Work item
Filter the records below, keeping only lines with the string "Internet".

___ Information supplied ___

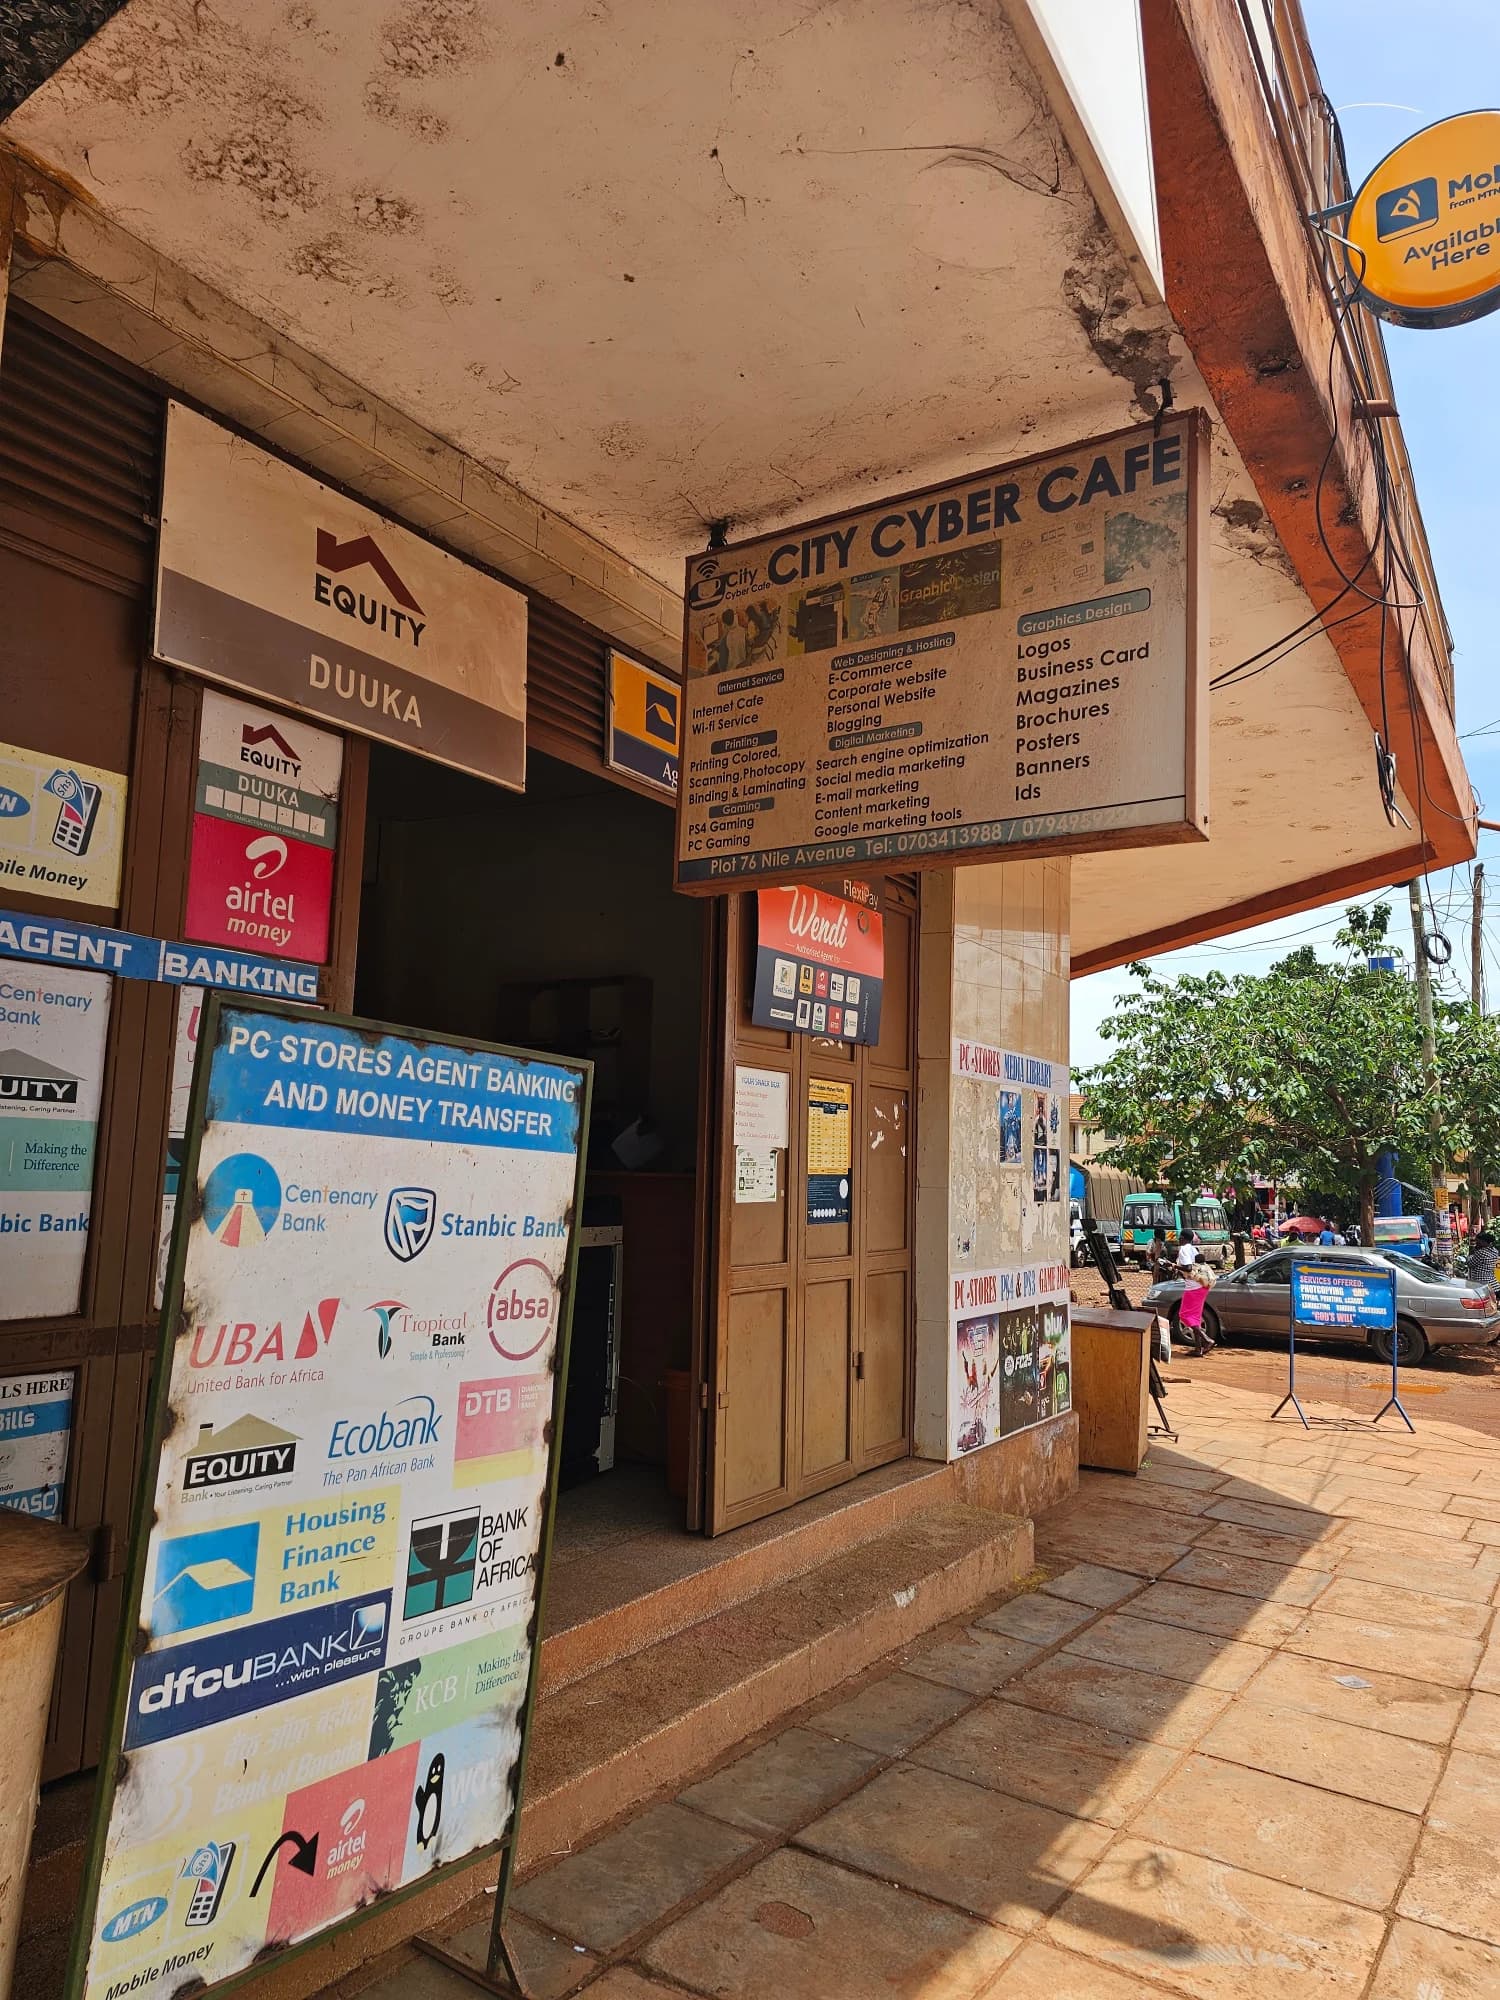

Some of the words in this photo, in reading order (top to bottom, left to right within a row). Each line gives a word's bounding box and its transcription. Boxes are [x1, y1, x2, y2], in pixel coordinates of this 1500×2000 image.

[1449, 196, 1475, 209] from
[1403, 217, 1500, 264] Availabl
[1431, 243, 1490, 271] Here
[767, 525, 859, 586] CITY
[870, 484, 1021, 558] CYBER
[1037, 435, 1182, 513] CAFE
[725, 586, 749, 600] Cyber
[751, 581, 771, 593] Cafe
[727, 568, 757, 588] City
[315, 573, 427, 648] EQUITY
[1022, 611, 1081, 634] Graphics
[1085, 601, 1132, 621] Design
[834, 657, 855, 669] Web
[857, 646, 904, 665] Designing
[906, 645, 913, 653] &
[916, 635, 953, 652] Hosting
[1017, 637, 1071, 660] Logos
[1017, 657, 1094, 683] Business
[1100, 642, 1149, 666] Card
[718, 678, 750, 694] Internet
[751, 672, 783, 686] Service
[828, 658, 913, 685] E-Commerce
[828, 679, 892, 701] Corporate
[896, 666, 947, 687] website
[310, 654, 423, 729] DUUKA
[827, 697, 880, 717] Personal
[884, 687, 936, 706] Website
[1016, 675, 1120, 706] Magazines
[692, 702, 734, 719] Internet
[736, 695, 764, 710] Cafe
[1016, 702, 1110, 730] Brochures
[692, 721, 715, 735] Wi-fi
[718, 713, 759, 730] Service
[827, 714, 882, 733] Blogging
[725, 736, 759, 750] Printing
[816, 752, 857, 771] Search
[861, 745, 904, 764] engine
[908, 732, 989, 757] optimization
[835, 735, 864, 749] Digital
[866, 727, 915, 744] Marketing
[1016, 732, 1081, 753] Posters
[240, 746, 302, 779] EQUITY
[690, 755, 729, 772] Printing
[732, 746, 781, 765] Colored,
[815, 770, 852, 788] Social
[855, 763, 895, 781] media
[899, 754, 965, 775] marketing
[1016, 754, 1090, 778] Banners
[57, 779, 72, 796] Shs
[238, 774, 300, 809] DUUKA
[689, 788, 729, 805] Binding
[732, 786, 739, 797] &
[742, 777, 806, 797] Laminating
[815, 786, 852, 804] E-mail
[855, 779, 919, 800] marketing
[1015, 784, 1041, 801] Ids
[723, 801, 761, 815] Gaming
[814, 803, 862, 821] Content
[865, 795, 930, 816] marketing
[689, 823, 707, 836] PS4
[709, 817, 755, 833] Gaming
[814, 818, 859, 838] Google
[862, 811, 927, 833] marketing
[931, 807, 962, 822] tools
[688, 840, 703, 852] PC
[706, 834, 750, 850] Gaming
[711, 858, 736, 875] Plot
[740, 855, 757, 871] 76
[761, 852, 790, 868] Nile
[794, 846, 856, 865] Avenue
[865, 838, 892, 856] Tel:
[898, 821, 1003, 851] 0703413988
[1008, 821, 1017, 841] /
[29, 865, 88, 891] Money
[225, 882, 296, 924] airtel
[844, 879, 879, 911] FlexiPay
[779, 885, 849, 949] Wendi
[227, 916, 292, 948] money
[164, 952, 318, 999] BANKING
[0, 983, 93, 1012] Centenary
[228, 1026, 271, 1059] PC
[279, 1034, 392, 1077] STORES
[397, 1054, 482, 1090] AGENT
[487, 1068, 576, 1103] BANKING
[959, 1043, 970, 1070] PC
[1004, 1053, 1024, 1083] MEDIA
[1026, 1059, 1052, 1088] LIBRARY
[29, 1105, 51, 1114] Caring
[264, 1079, 328, 1112] AND
[335, 1089, 432, 1124] MONEY
[438, 1100, 553, 1137] TRANSFER
[25, 1143, 68, 1158] Making
[70, 1143, 88, 1156] the
[24, 1158, 80, 1172] Difference
[285, 1183, 378, 1210] Centenary
[39, 1212, 89, 1232] Bank
[282, 1213, 326, 1232] Bank
[441, 1212, 517, 1238] Stanbic
[522, 1215, 567, 1238] Bank
[954, 1279, 964, 1310] PC
[1001, 1273, 1014, 1301] PS4
[1015, 1272, 1022, 1298] &
[1024, 1270, 1035, 1297] PS3
[1039, 1266, 1055, 1293] GAME
[1299, 1276, 1332, 1285] SERVICES
[1333, 1278, 1364, 1288] OFFERED:
[494, 1288, 549, 1321] absa
[398, 1312, 468, 1337] Tropical
[188, 1321, 284, 1369] UBA
[432, 1332, 465, 1346] Bank
[1015, 1352, 1033, 1371] FC25
[26, 1378, 71, 1396] HERE
[187, 1375, 233, 1395] United
[235, 1372, 265, 1391] Bank
[269, 1371, 287, 1387] for
[289, 1367, 325, 1384] Africa
[465, 1388, 512, 1417] DTB
[327, 1411, 443, 1459] Ecobank
[188, 1446, 292, 1485] EQUITY
[322, 1471, 343, 1487] The
[346, 1467, 367, 1483] Pan
[370, 1461, 407, 1480] African
[409, 1454, 435, 1474] Bank
[285, 1502, 387, 1537] Housing
[480, 1506, 529, 1538] BANK
[282, 1532, 376, 1570] Finance
[479, 1538, 503, 1564] OF
[279, 1568, 342, 1605] Bank
[476, 1555, 536, 1591] AFRICA
[399, 1625, 445, 1646] GROUPE
[450, 1614, 478, 1631] BANK
[483, 1608, 496, 1618] OF
[139, 1634, 348, 1715] dfcuBANK
[324, 1647, 382, 1674] pleasure
[476, 1656, 510, 1677] Making
[414, 1675, 458, 1715] KCB
[475, 1671, 520, 1695] Difference
[327, 1829, 367, 1864] airtel
[326, 1853, 364, 1881] money
[111, 1902, 158, 1938] MTN
[104, 1966, 160, 2000] Mobile
[162, 1942, 214, 1977] Money

___

Response area
[718, 678, 750, 694] Internet
[692, 702, 734, 719] Internet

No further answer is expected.